Work required -
Only the line containing "this 1618×1080 image." and the lines after it, through the end of the entries, should be output exactly.

Records supplied -
--------------------------------

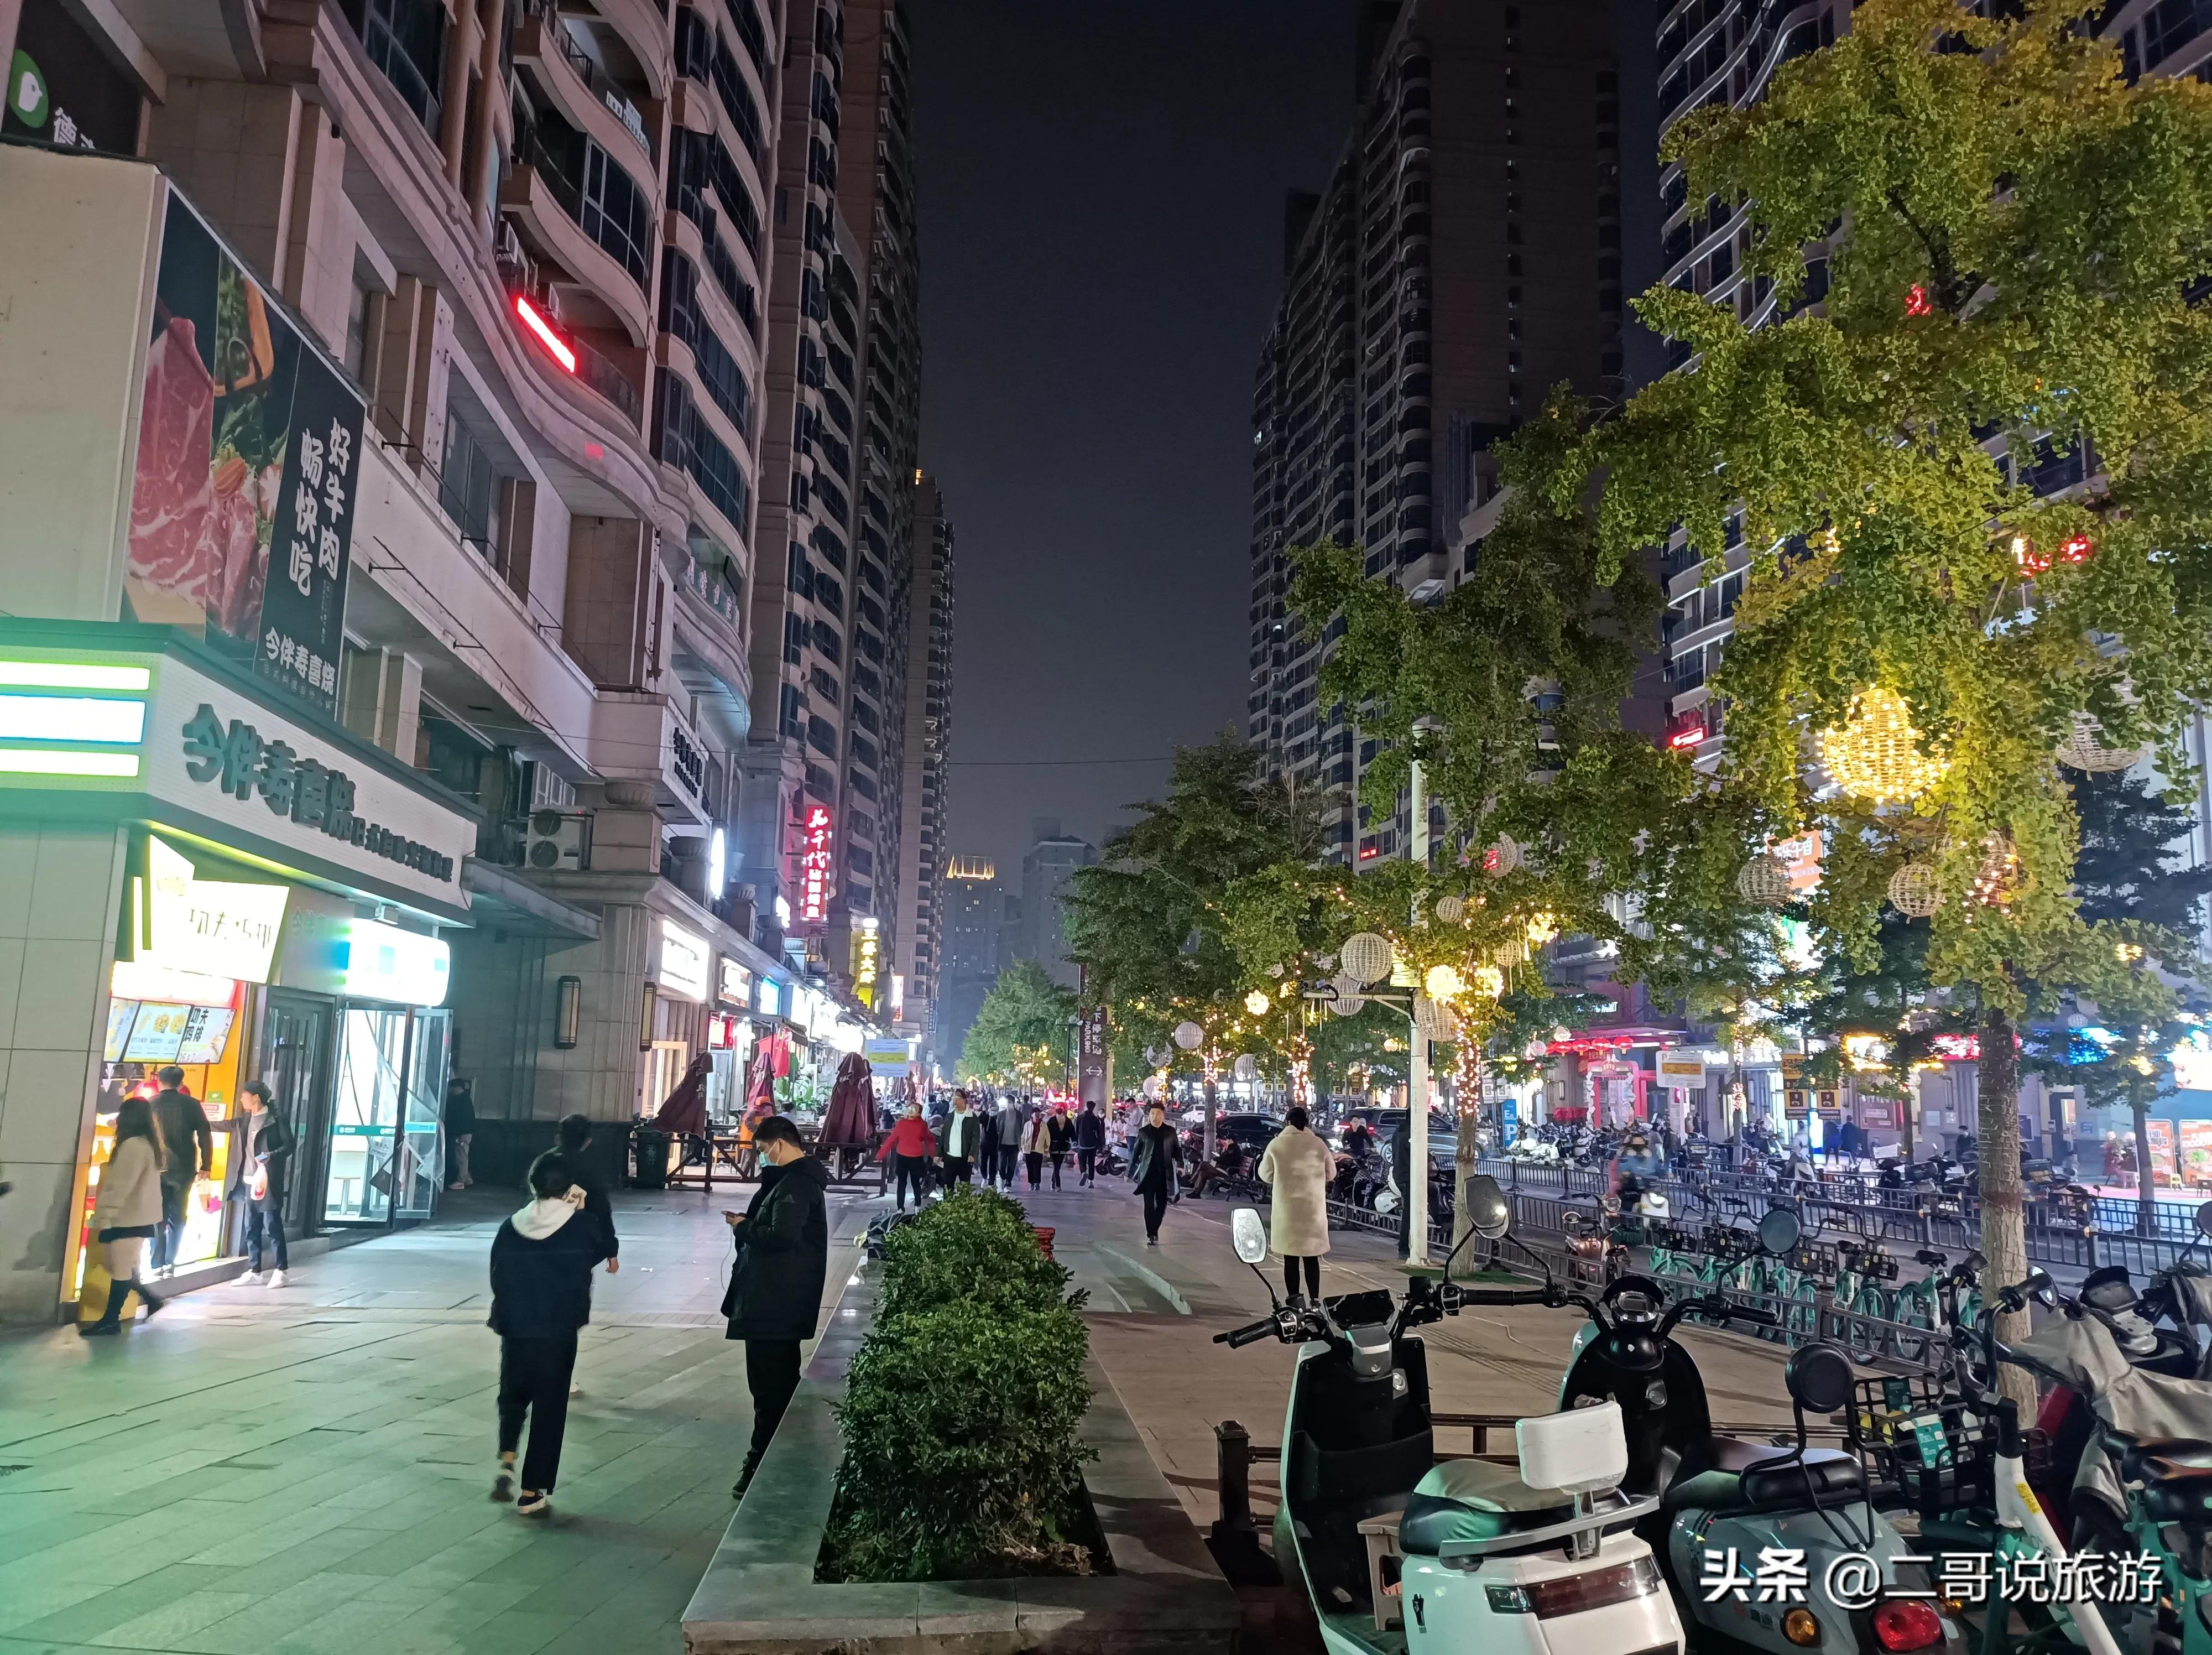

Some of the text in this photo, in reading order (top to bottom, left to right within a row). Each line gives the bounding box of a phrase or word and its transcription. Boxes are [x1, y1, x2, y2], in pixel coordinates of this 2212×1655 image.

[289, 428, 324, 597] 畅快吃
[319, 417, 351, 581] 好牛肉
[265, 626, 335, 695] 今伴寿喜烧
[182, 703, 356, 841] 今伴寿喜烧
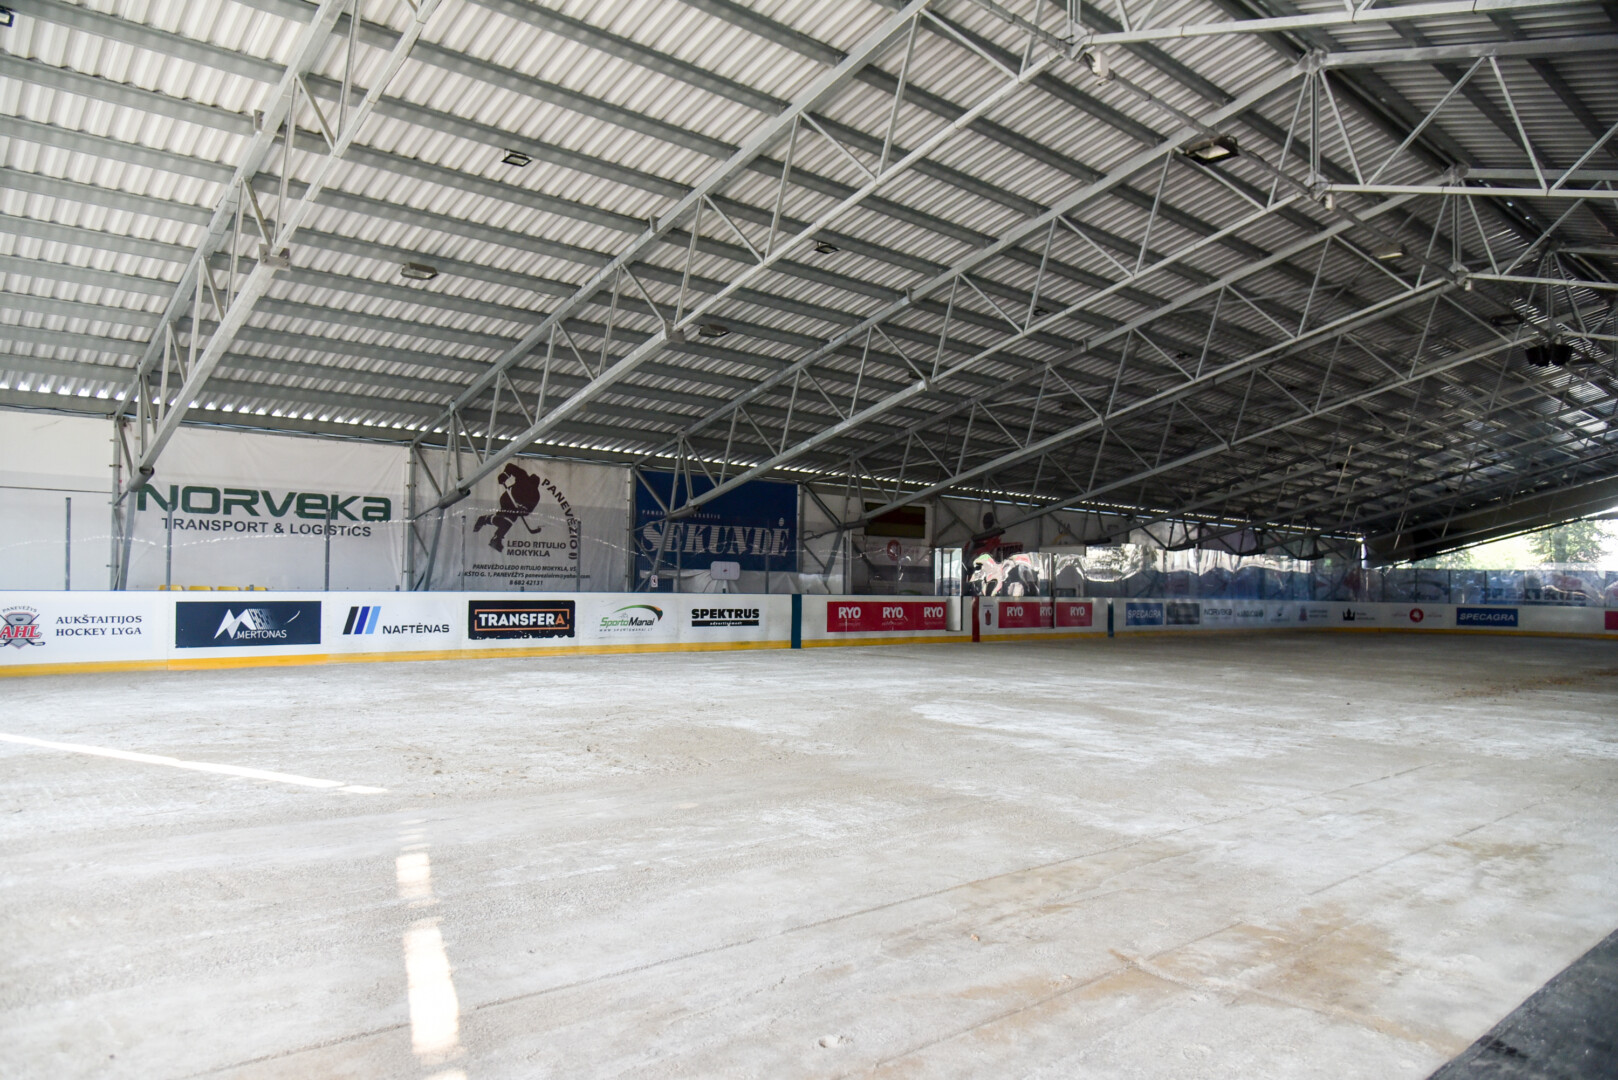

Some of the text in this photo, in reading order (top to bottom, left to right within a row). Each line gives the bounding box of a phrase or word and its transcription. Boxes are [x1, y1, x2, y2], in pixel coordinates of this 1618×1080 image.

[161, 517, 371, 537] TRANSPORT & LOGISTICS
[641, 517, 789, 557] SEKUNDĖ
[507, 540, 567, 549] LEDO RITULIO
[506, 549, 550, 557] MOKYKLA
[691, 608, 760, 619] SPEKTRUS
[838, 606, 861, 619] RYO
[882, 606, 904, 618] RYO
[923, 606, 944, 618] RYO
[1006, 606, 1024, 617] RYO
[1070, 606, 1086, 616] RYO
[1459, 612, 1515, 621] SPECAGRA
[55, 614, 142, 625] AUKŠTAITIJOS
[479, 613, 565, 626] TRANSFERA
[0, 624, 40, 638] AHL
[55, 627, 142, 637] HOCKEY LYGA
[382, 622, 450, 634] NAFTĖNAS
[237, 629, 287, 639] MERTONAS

--------------------------------

Answer space -
Some of the text in this photo, in reading order (top to bottom, left to right within a row). Each line gives the bounding box of a phrase or word and its transcription. Boxes are [x1, y1, x2, y2], in pixel coordinates of this 1618×1080 image.

[161, 517, 371, 537] TRANSPORT & LOGISTICS
[641, 517, 789, 557] SEKUNDĖ
[507, 540, 567, 549] LEDO RITULIO
[506, 549, 550, 557] MOKYKLA
[691, 608, 760, 619] SPEKTRUS
[838, 606, 861, 619] RYO
[882, 606, 904, 618] RYO
[923, 606, 944, 618] RYO
[1006, 606, 1024, 617] RYO
[1070, 606, 1086, 616] RYO
[1459, 612, 1515, 621] SPECAGRA
[55, 614, 142, 625] AUKŠTAITIJOS
[479, 613, 565, 626] TRANSFERA
[0, 624, 40, 638] AHL
[55, 627, 142, 637] HOCKEY LYGA
[382, 622, 450, 634] NAFTĖNAS
[237, 629, 287, 639] MERTONAS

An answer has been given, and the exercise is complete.